* _Your goal_:
The entries below should be set down again exactly, with every picture left out.

[Stored dataset items]
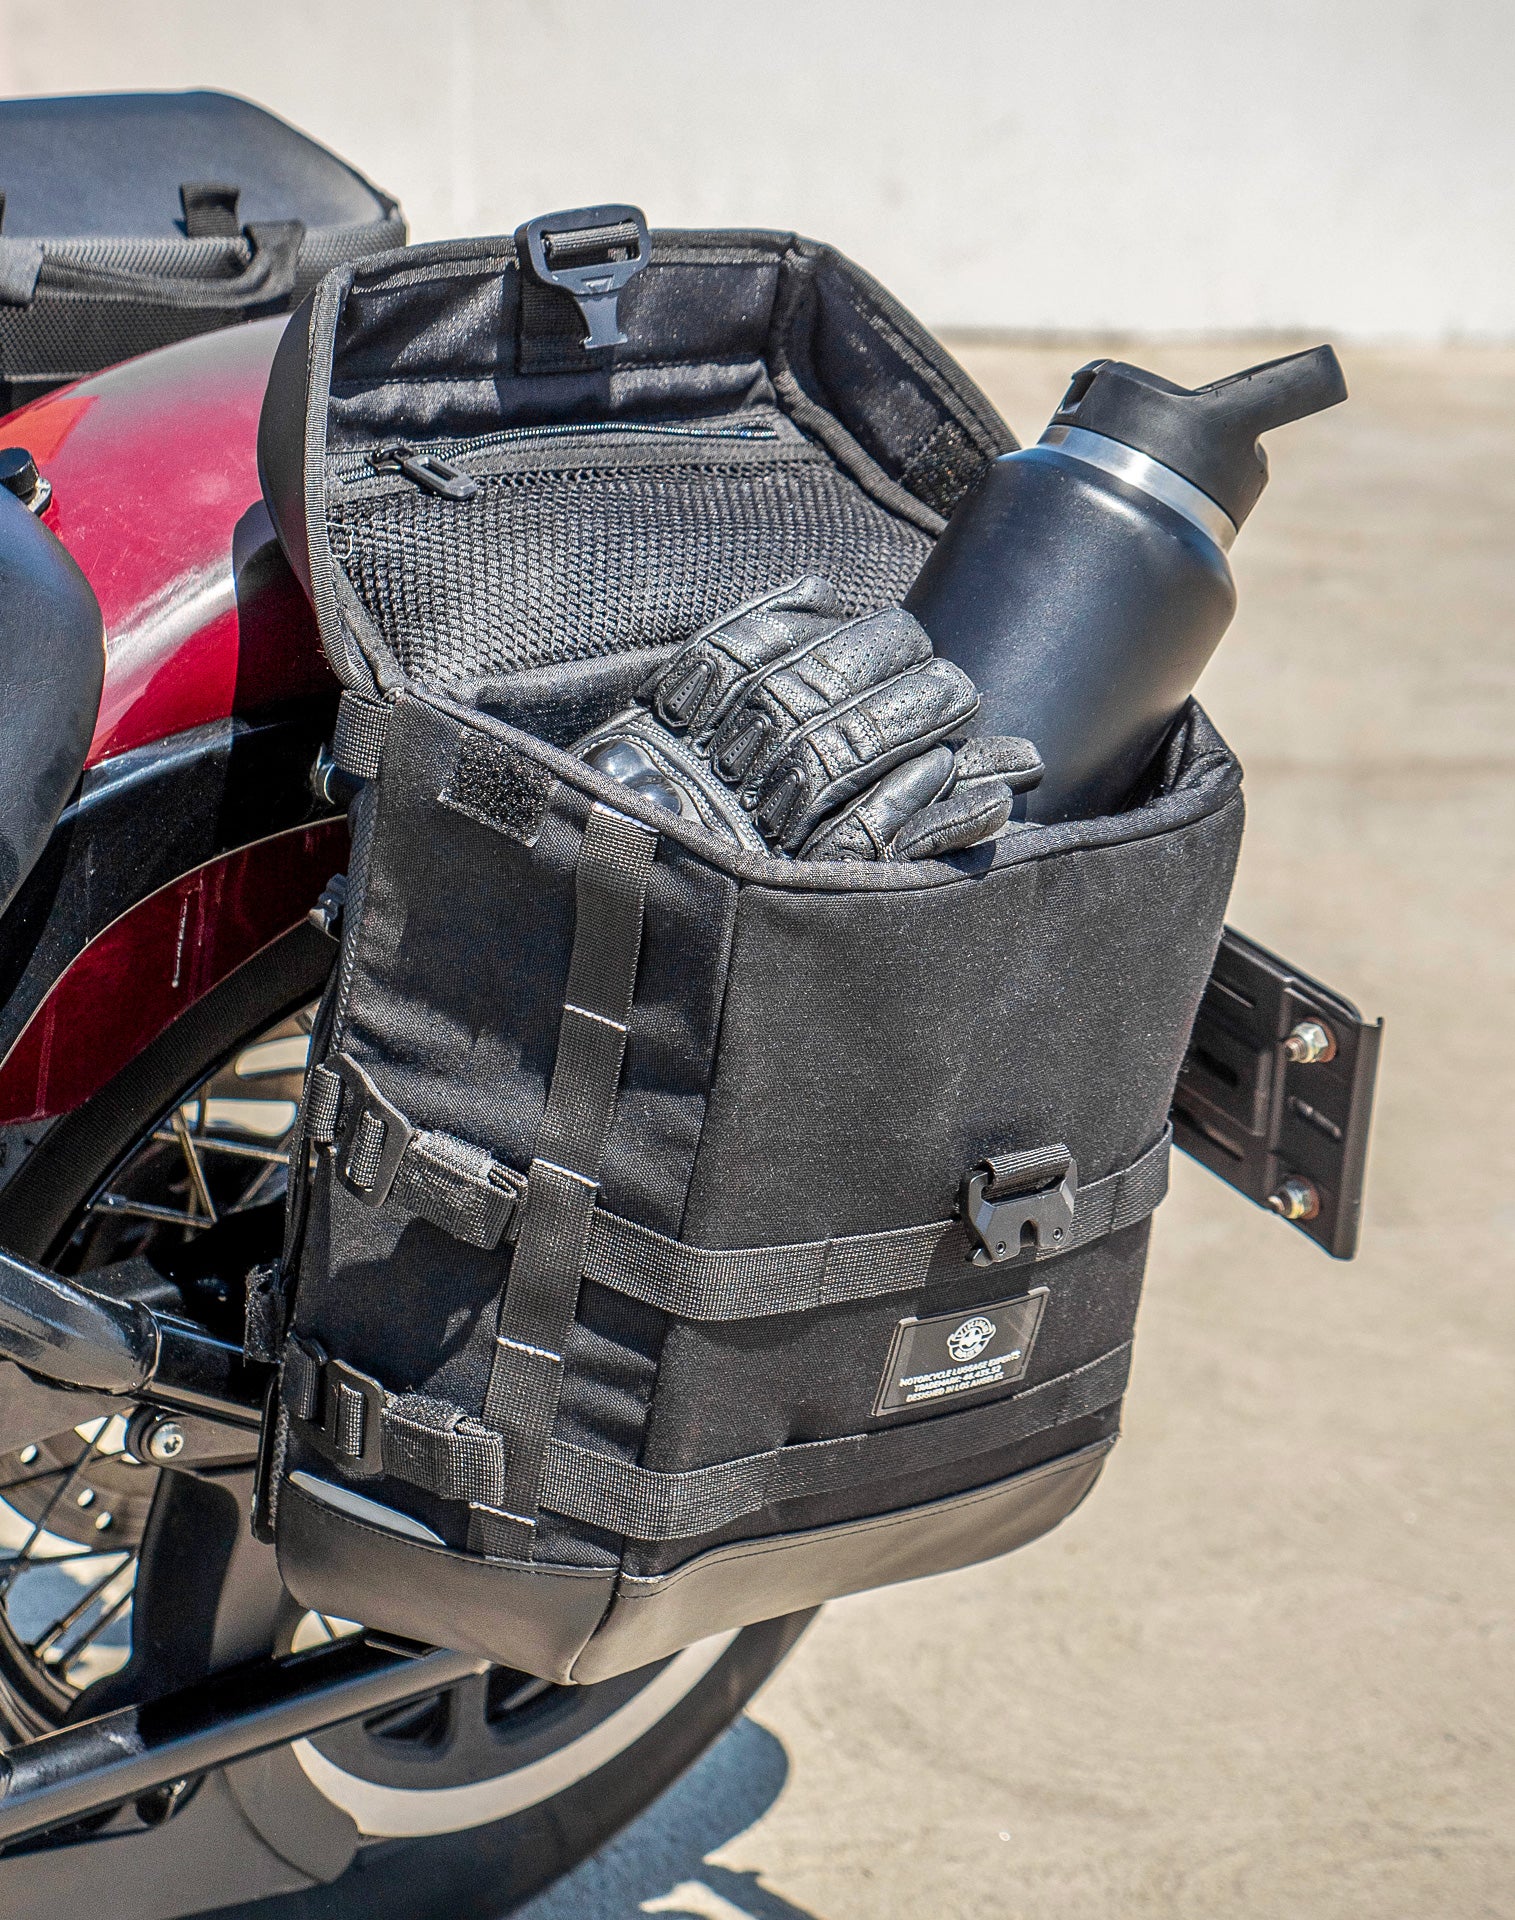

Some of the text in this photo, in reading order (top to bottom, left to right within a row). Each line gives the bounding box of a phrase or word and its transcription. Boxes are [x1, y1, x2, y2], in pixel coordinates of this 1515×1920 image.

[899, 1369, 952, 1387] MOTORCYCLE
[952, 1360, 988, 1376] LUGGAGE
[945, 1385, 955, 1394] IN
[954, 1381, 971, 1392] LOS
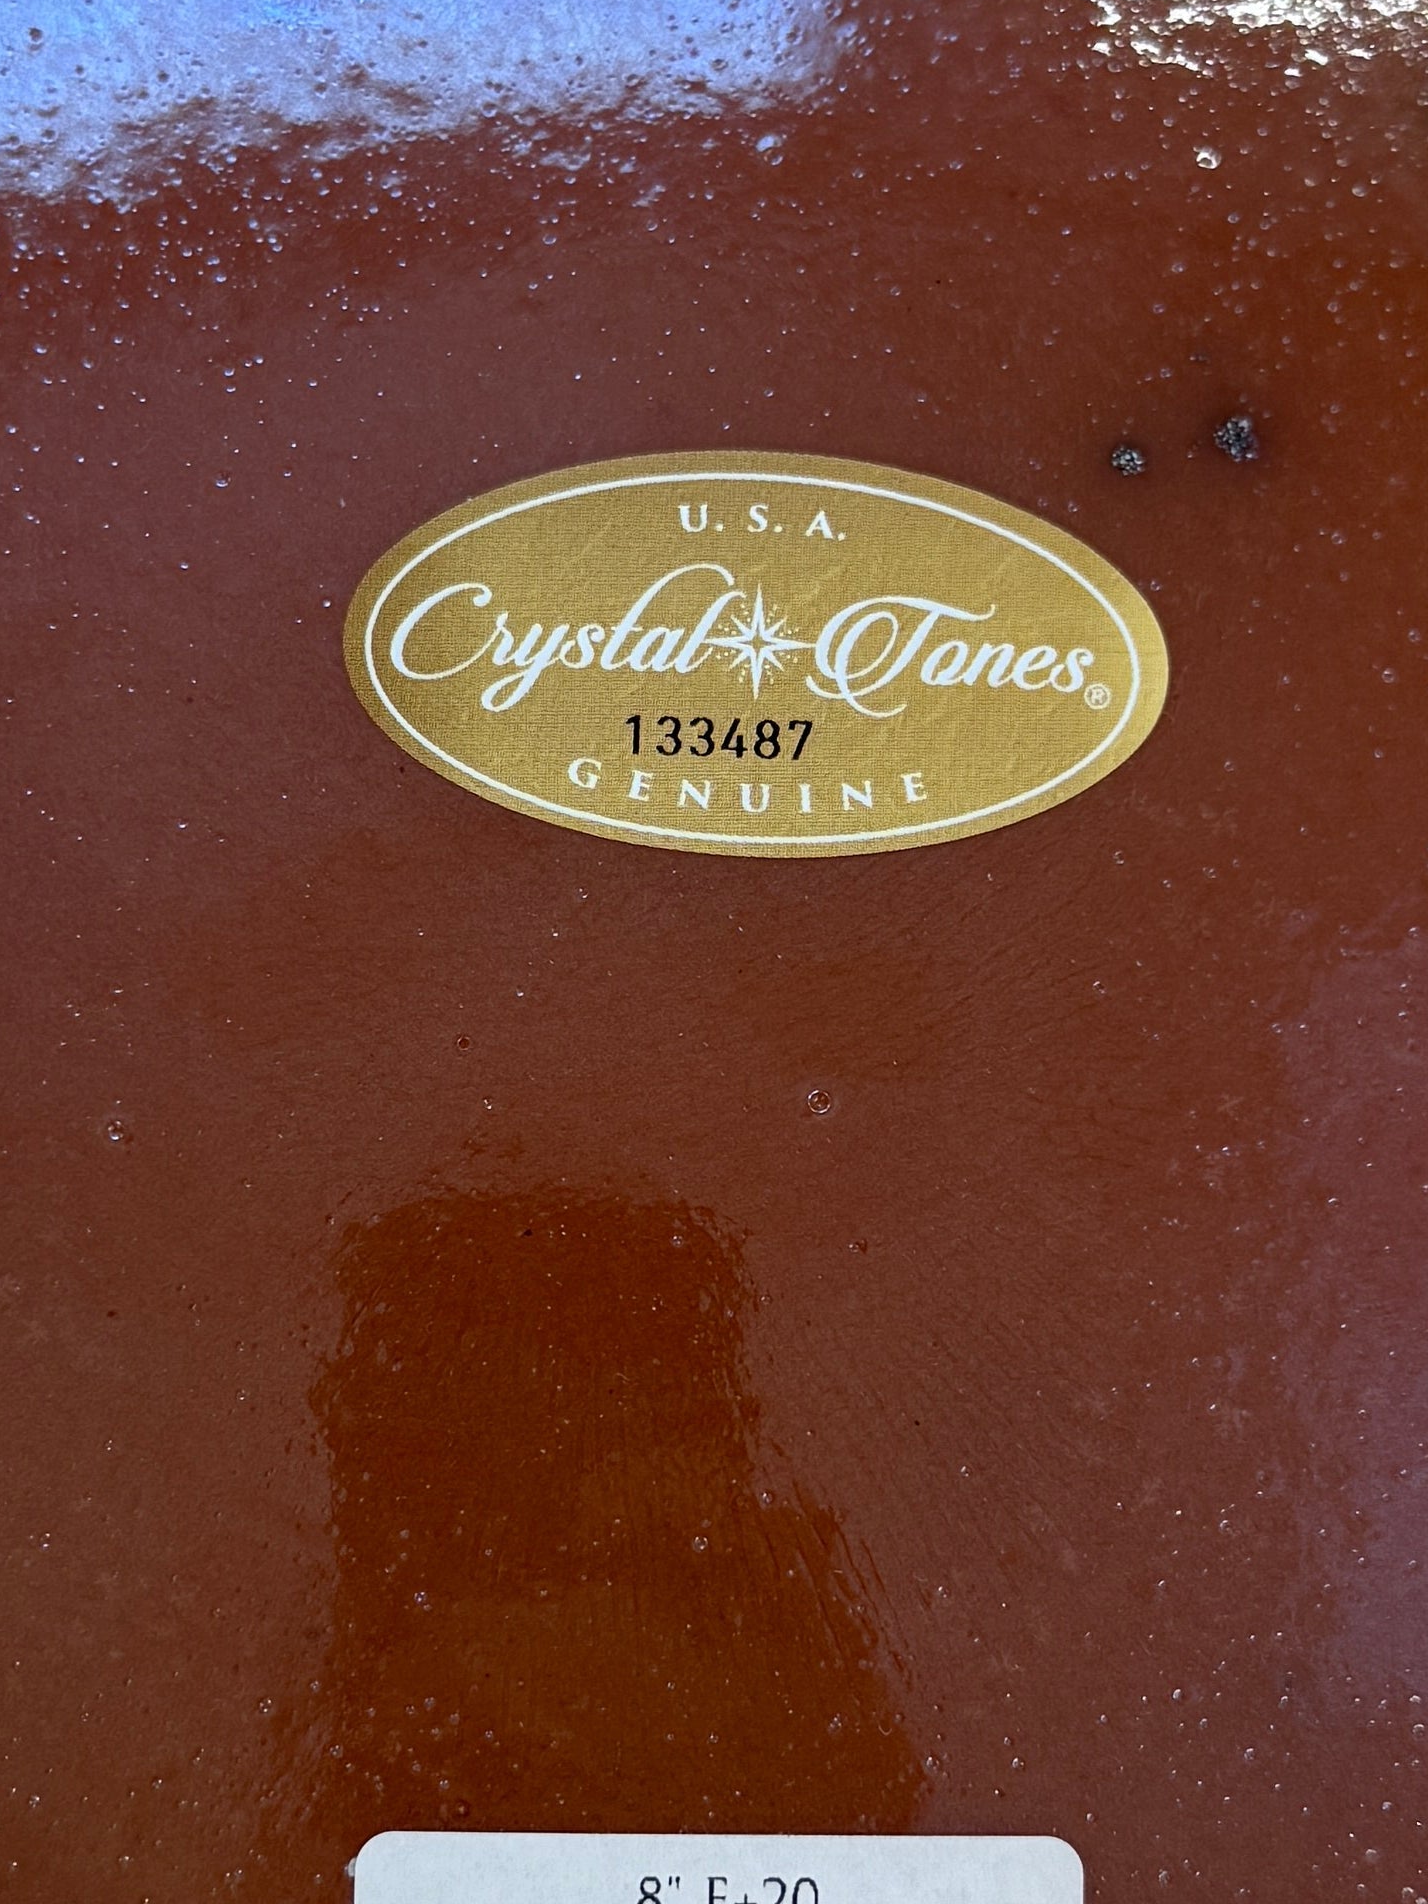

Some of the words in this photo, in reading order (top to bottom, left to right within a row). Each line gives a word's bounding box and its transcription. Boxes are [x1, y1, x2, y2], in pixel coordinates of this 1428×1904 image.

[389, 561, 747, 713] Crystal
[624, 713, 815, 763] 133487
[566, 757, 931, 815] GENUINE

* _Response_:
Some of the text in this photo, in reading order (top to bottom, left to right within a row). Each line gives the bounding box of a phrase or word and its transcription. Boxes are [x1, y1, x2, y2], in pixel coordinates of this 1515×1920 image.

[899, 1369, 952, 1387] MOTORCYCLE
[952, 1360, 988, 1376] LUGGAGE
[945, 1385, 955, 1394] IN
[954, 1381, 971, 1392] LOS

Some of the words in this photo, in reading order (top to bottom, left to right within a row). Each line gives a word's bounding box and its transcription. Boxes are [x1, y1, x2, y2], in pixel coordinates of this 1428×1904 image.

[389, 561, 747, 713] Crystal
[624, 713, 815, 763] 133487
[566, 757, 931, 815] GENUINE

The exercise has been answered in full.